What car do you drive? Volvo

What’s your favourite restaurant? Fratelli’s in Ponteland because it is easy to get to after work

Who or what makes you laugh? My husband

What’s your favourite book? Into Oblivion written by Sacha Bonsor about when she had a brain tumour

What was the last album you bought? Background music for a fashion show

What’s your ideal job, other than the one you’ve got? I think my present one will see me out

If you had a talking parrot, what’s the first thing you would teach it to say? Smile

What’s your greatest fear? Ill health

What’s the best piece of business advice you have ever received? If you enjoy what you do it will work

And the worst? I haven’t had any

What’s your poison?

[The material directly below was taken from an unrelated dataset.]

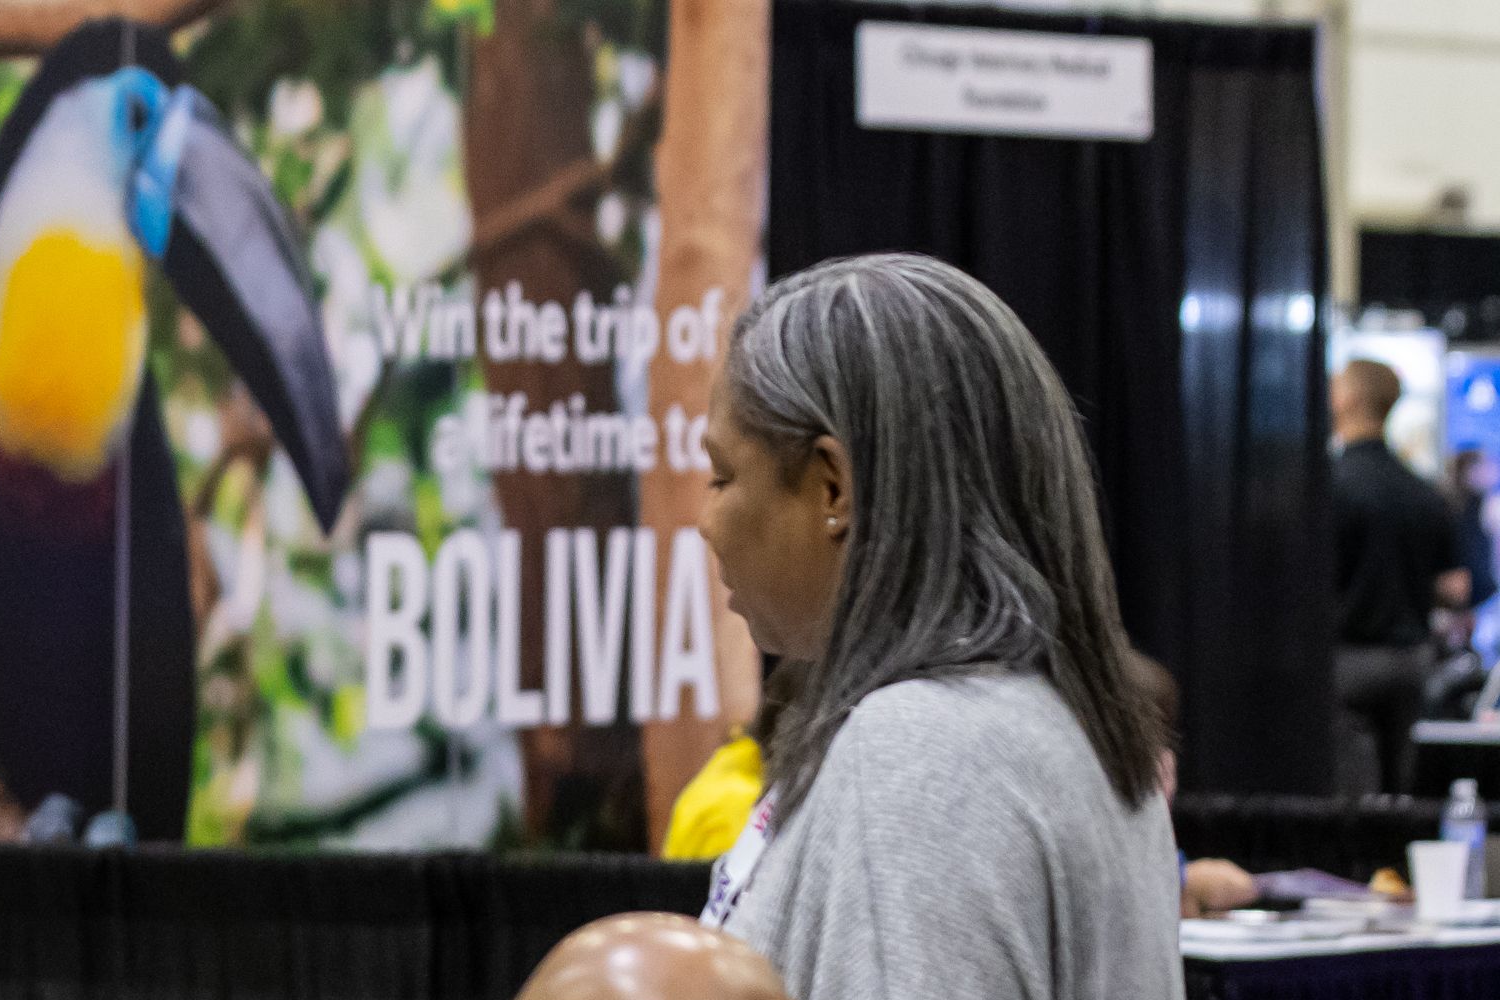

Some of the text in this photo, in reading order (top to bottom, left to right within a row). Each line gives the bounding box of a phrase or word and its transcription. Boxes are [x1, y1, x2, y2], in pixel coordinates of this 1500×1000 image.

A whisky and ginger ale

What newspapers do you read, other than The Journal? Telegraph, Hexham Courant and Morpeth Herald

How much was your first pay packet and what was it for? A secretary – can’t remember

How do you keep fit? Walking up and down the shop every day

What’s your most irritating habit? Obstinacy

What’s your biggest extravagance? My family and a long bath

Which historical or fictional character do you most identify with or admire? Florence Nightingale

Which four famous people would you most like to dine with? Andrew Lloyd Webber, William Hague, Dame Tanni Grey Thompson, Boris Johnson

How would you like to be remembered? Lovingly

CV

1961 - Paris for a year to learn French and History of Art.

1963 - Queen’s Secretarial College, Queensgate, London – Secretarial Course.

Mid-1960s-1980s - Trained point-to-pointers, then took out a permit to train under rules.

1984-1991 - Worked with the Morpeth Group of Riding for the Disabled at Kirkley and then moved the group to Whalton, working with Newcastle School for the Deaf, Brunswick Special School, the Care Village, Ponteland, and the Headway group from Morpeth. Took Riding for the Disabled Instructors exam.

1988-1991 - Committee of the Northumberland Touring Theatre Company. Committee member for the Community Foundation

1994 - opened Get Smart II at the Milkhope Centre.

2001 - Moved to larger premises within the centre.